#### [WHAT IS REQUIRED]
Below are the records; retype them exactly and omit each picture.

#### [EXERCISE INPUTS]
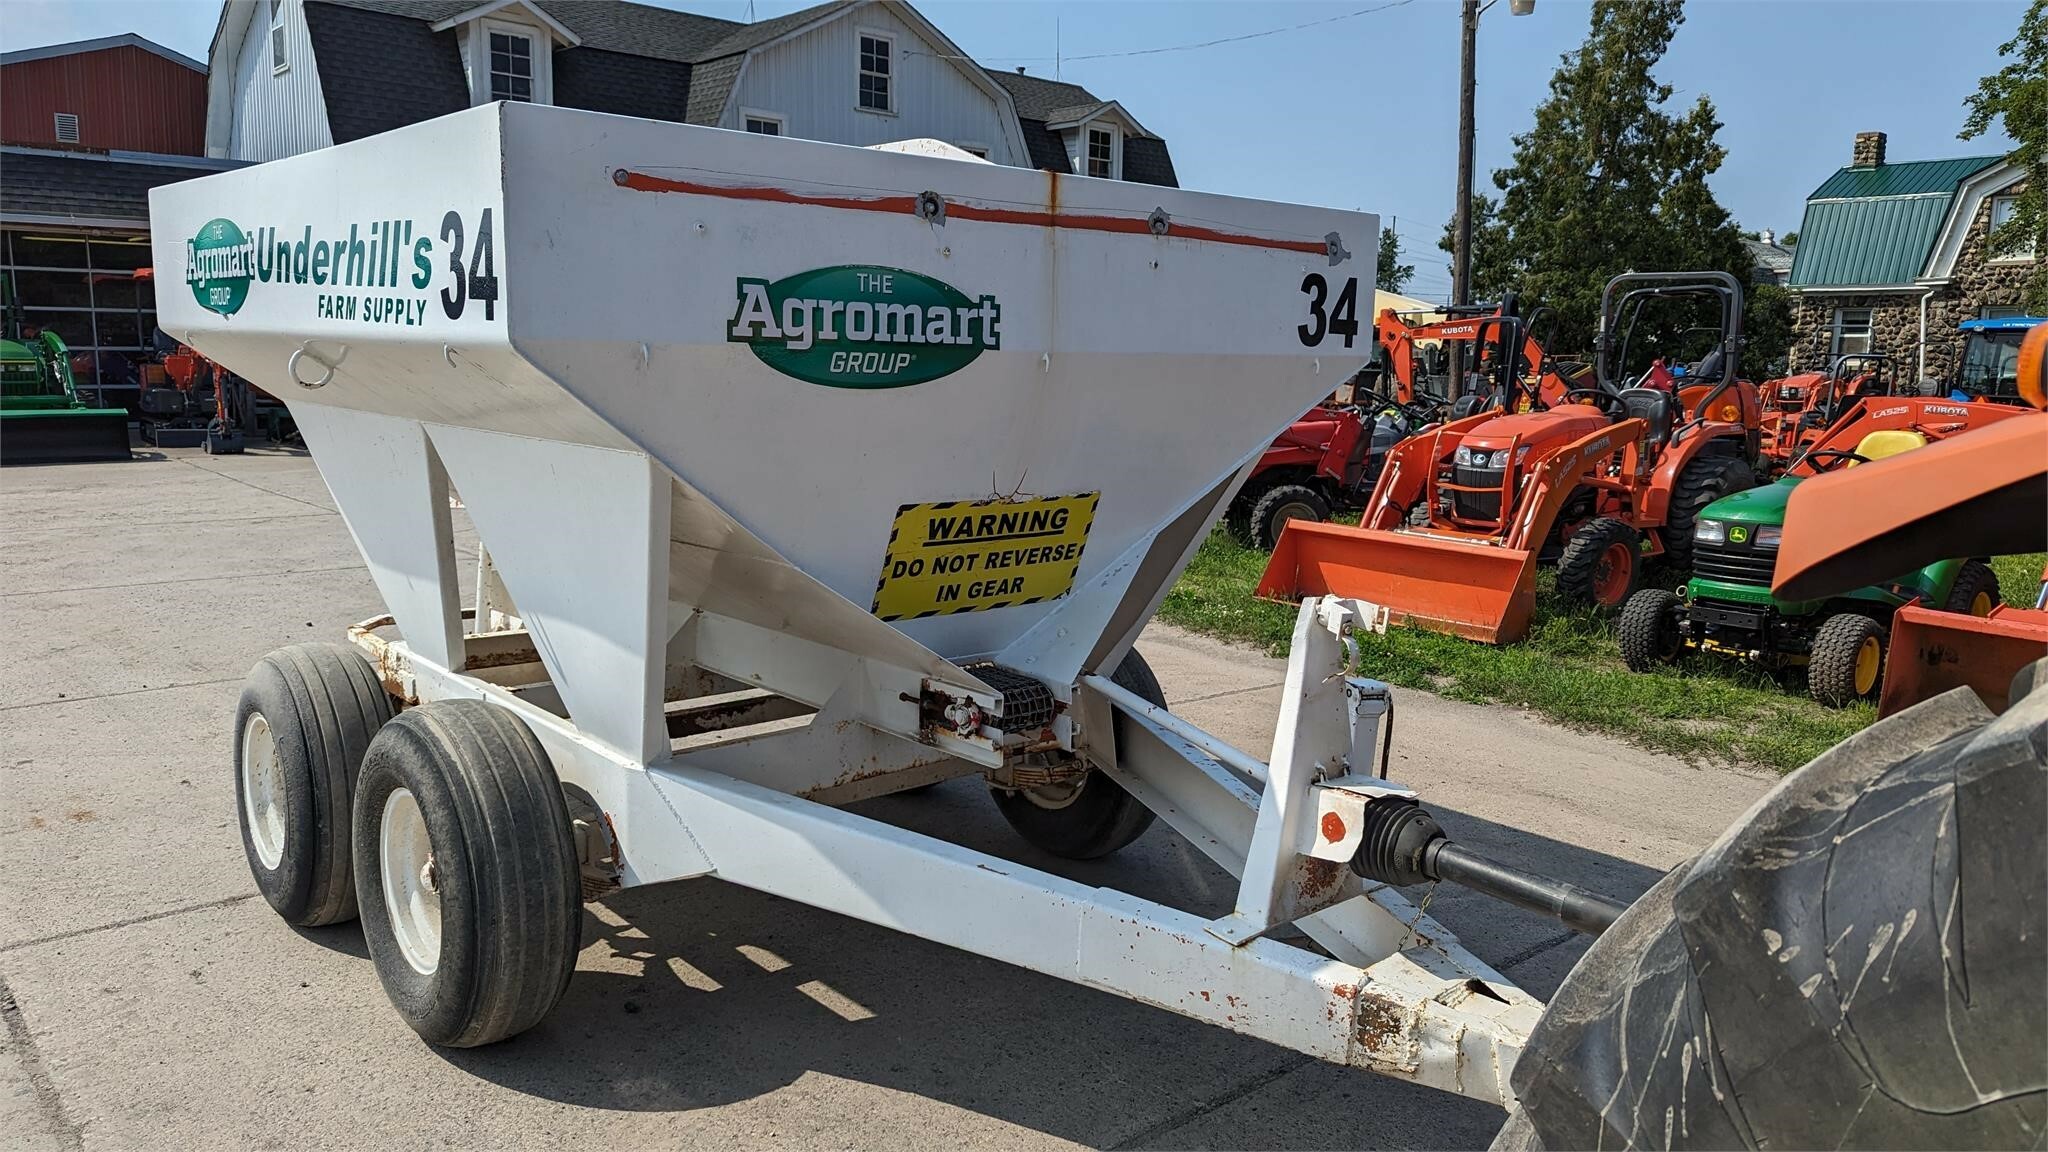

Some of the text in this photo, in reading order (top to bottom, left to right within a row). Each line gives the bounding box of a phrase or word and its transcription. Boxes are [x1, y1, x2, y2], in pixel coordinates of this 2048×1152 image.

[213, 224, 223, 241] THE
[187, 235, 254, 288] Agromart
[257, 219, 433, 290] Underhill's
[439, 207, 499, 321] 34
[209, 287, 231, 306] GROUP
[857, 273, 893, 294] THE
[318, 294, 427, 326] FARM SUPPLY
[731, 283, 998, 350] Agromart
[1297, 272, 1359, 348] 34
[1441, 325, 1475, 335] KUBOTA
[829, 351, 911, 374] GROUP
[1923, 404, 1969, 417] KUBOTA
[928, 507, 1070, 541] WARNING
[891, 543, 1078, 579] DO NOT REVERSE
[936, 576, 1025, 602] IN GEAR

#### [RESULT FOR THIS TASK]
Some of the text in this photo, in reading order (top to bottom, left to right within a row). Each line gives the bounding box of a phrase or word and its transcription. Boxes are [x1, y1, x2, y2], in pixel coordinates of this 2048×1152 image.

[213, 224, 223, 241] THE
[187, 235, 254, 288] Agromart
[257, 219, 433, 290] Underhill's
[439, 207, 499, 321] 34
[209, 287, 231, 306] GROUP
[857, 273, 893, 294] THE
[318, 294, 427, 326] FARM SUPPLY
[731, 283, 998, 350] Agromart
[1297, 272, 1359, 348] 34
[1441, 325, 1475, 335] KUBOTA
[829, 351, 911, 374] GROUP
[1923, 404, 1969, 417] KUBOTA
[928, 507, 1070, 541] WARNING
[891, 543, 1078, 579] DO NOT REVERSE
[936, 576, 1025, 602] IN GEAR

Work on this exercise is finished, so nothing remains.